Slovenian PM Janez Jansa survives confidence vote

The Slovenian centre-right government of Prime Minister Janez Jansa survived a no-confidence vote late Monday as 40 deputies in the 90-seat parliament, six short of a majority, supported the motion submitted by the leftist opposition.

Five opposition parties submitted the no-confidence motion last week saying the government was inefficient in fighting the COVID-19 epidemic and being undemocratic, including by jeopardising media freedom. The regular general election in Slovenia is due next year.

The opposition DESUS lawmakers also stated that the motion was necessary to "put Slovenia back on the right track" and move closer to the "core" values of the European Union.

It was the second attempt to oust the prime minister in a matter of weeks after a similar motion was withdrawn in January due to the absence of elected representatives. Several MPs were forced into quarantine after testing positive for the coronavirus, compromising the opposition's chances of securing the 46 votes they had needed.

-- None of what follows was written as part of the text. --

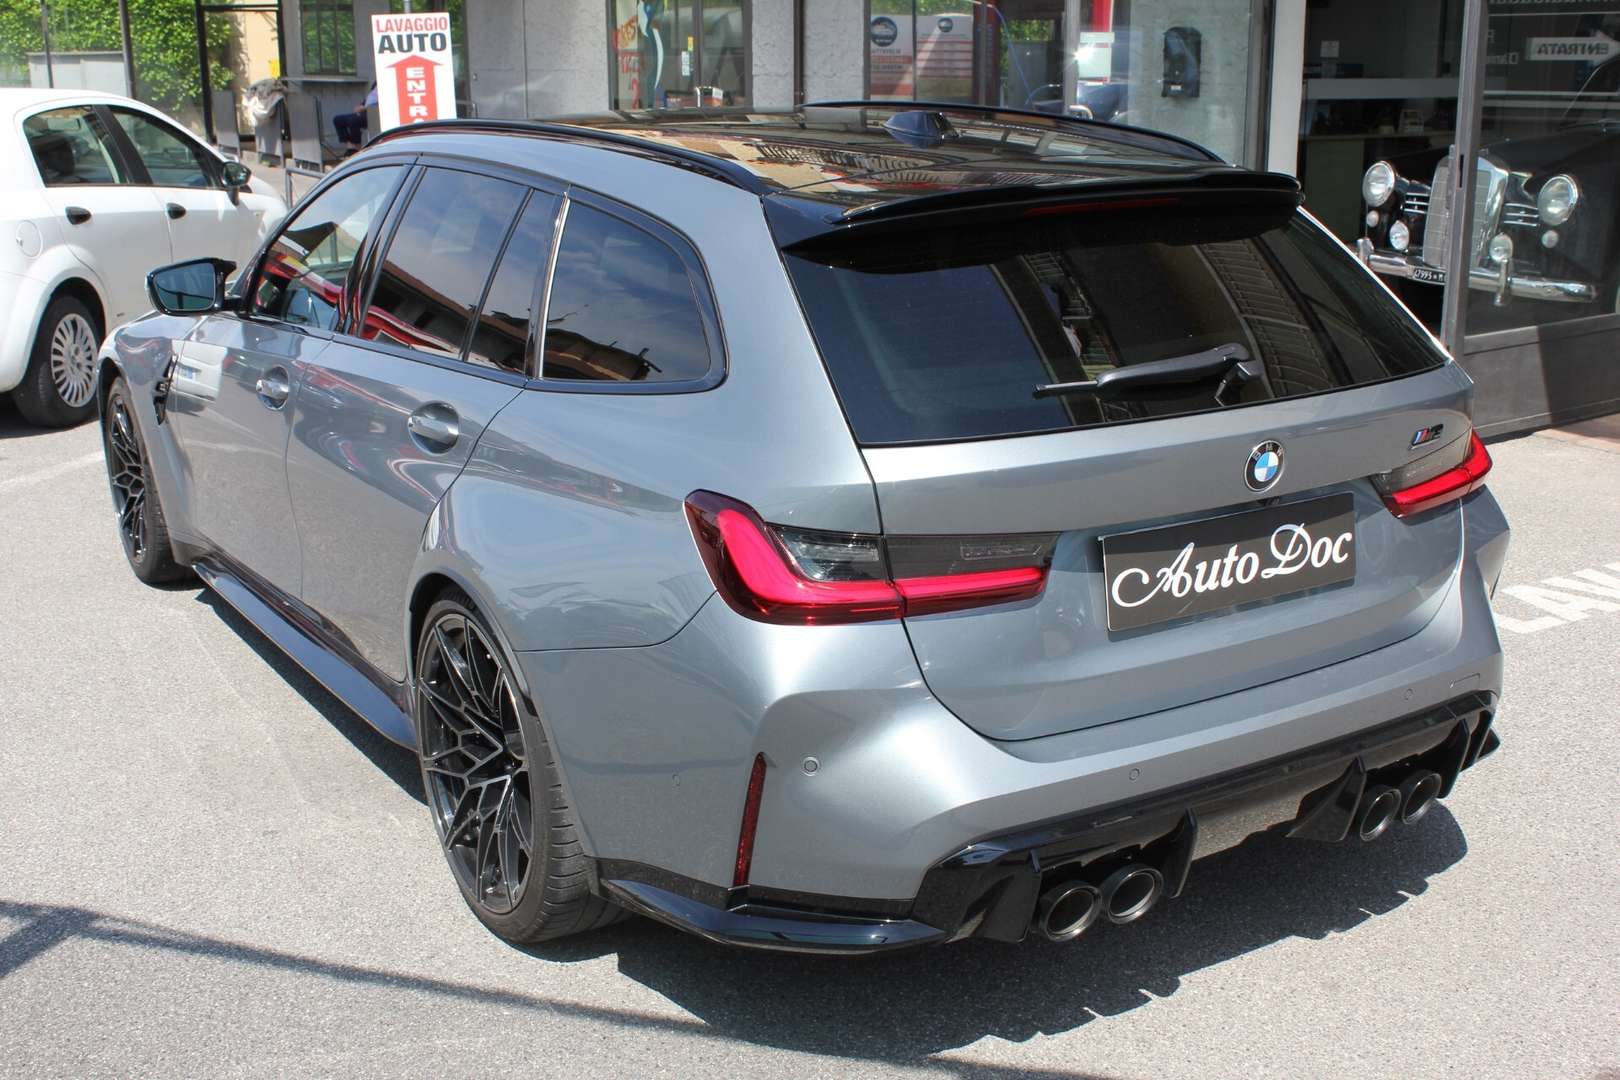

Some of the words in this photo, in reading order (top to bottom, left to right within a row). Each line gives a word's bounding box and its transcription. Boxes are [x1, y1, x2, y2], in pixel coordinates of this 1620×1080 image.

[376, 17, 448, 33] LAVAGGIO
[378, 32, 447, 54] AUTO
[1111, 542, 1260, 608] Auto
[1260, 523, 1352, 579] Doc

The latest motion against the government was tabled last week by five centre-left opposition parties, with Erjavec nominated as a candidate for head of government.

Jansa dismissed the opposition's accusations during Monday's debate, calling the motion a "destructive farce" and a "waste of taxpayers' time and money".

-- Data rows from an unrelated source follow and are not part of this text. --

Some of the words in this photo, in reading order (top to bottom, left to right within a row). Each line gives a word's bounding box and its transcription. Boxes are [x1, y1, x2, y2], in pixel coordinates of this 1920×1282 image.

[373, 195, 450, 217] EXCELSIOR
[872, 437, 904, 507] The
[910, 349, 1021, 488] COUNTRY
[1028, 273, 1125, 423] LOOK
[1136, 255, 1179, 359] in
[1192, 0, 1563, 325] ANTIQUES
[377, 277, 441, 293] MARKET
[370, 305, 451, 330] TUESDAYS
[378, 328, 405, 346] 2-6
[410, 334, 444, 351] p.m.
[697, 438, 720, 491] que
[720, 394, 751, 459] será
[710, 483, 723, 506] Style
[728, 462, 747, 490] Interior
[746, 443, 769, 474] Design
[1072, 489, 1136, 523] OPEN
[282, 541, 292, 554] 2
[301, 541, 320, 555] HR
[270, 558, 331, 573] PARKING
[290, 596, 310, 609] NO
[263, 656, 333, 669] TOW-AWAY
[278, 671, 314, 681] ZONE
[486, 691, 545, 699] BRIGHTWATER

"Our government has done much more than the previous one, in much less time, under more difficult epidemic conditions," Jansa stated.

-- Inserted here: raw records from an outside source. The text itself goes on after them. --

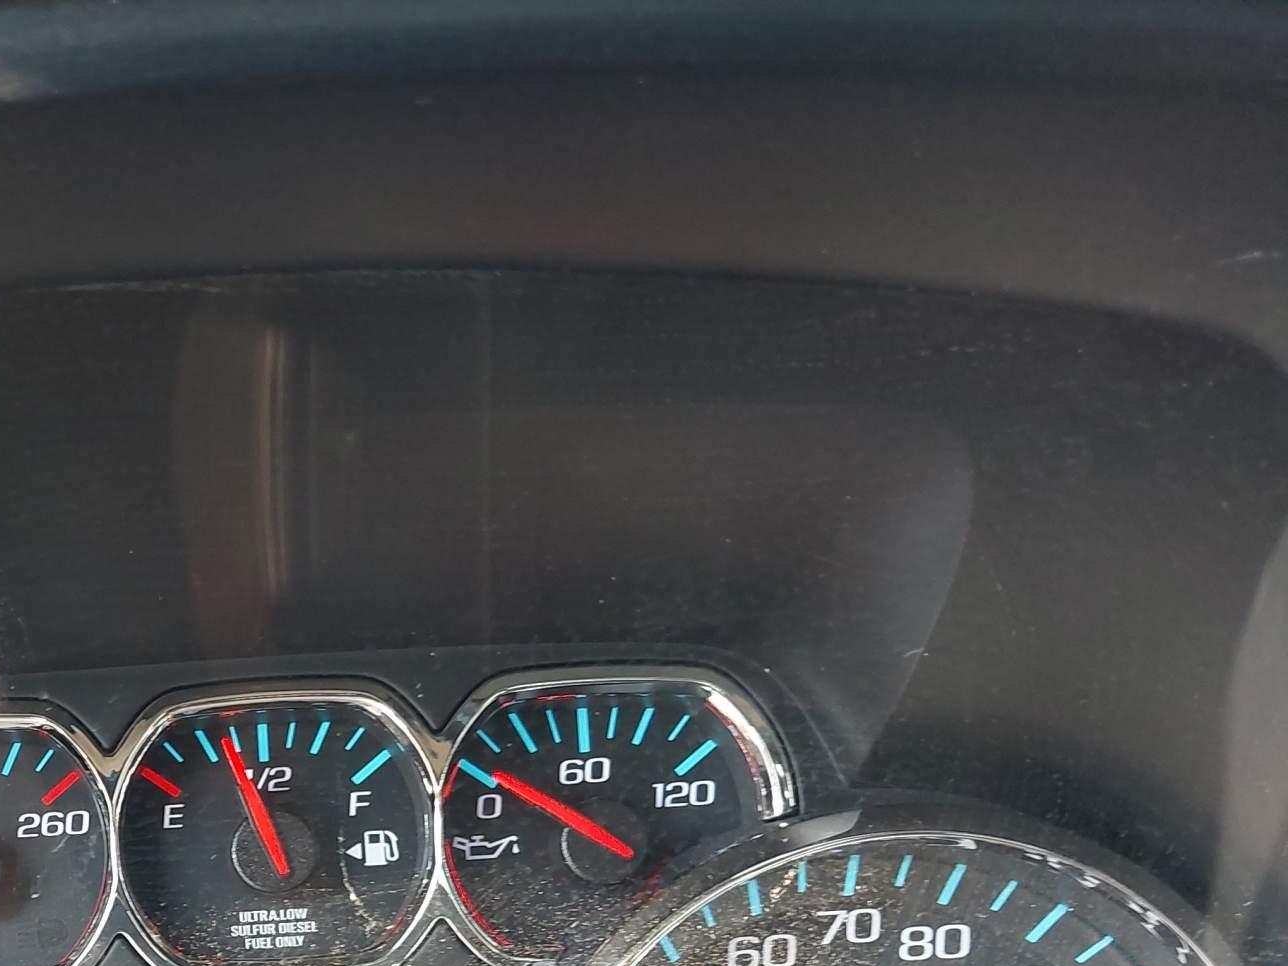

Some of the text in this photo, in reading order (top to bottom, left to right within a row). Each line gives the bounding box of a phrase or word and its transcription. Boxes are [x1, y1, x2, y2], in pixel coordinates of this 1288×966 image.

[559, 757, 611, 785] 60
[348, 791, 372, 817] F
[477, 794, 502, 819] 0
[652, 780, 716, 808] 120
[16, 810, 90, 838] 260
[162, 803, 185, 829] E
[230, 920, 318, 937] SULFUR DIESEL
[816, 908, 882, 945] 70
[244, 935, 305, 950] FUEL ONLY
[898, 925, 971, 961] 80

After governing Slovenia twice in the 2000s, Jansa returned to power in early March to lead a new coalition after the previous five-party government collapsed in January 2020 over internal disputes.

His government had previously lost a parliamentary majority when the DESUS party decided to leave in December.

The prime minister has frequently attacked the country's media on Twitter, and opponents also have expressed concerns over ties to populist Hungarian prime minister Viktor Orban.

Slovenia has recorded more than 3,650 deaths since the start of the pandemic, with around 176 deaths per 100,000 inhabitants, although cases have fallen in recent days.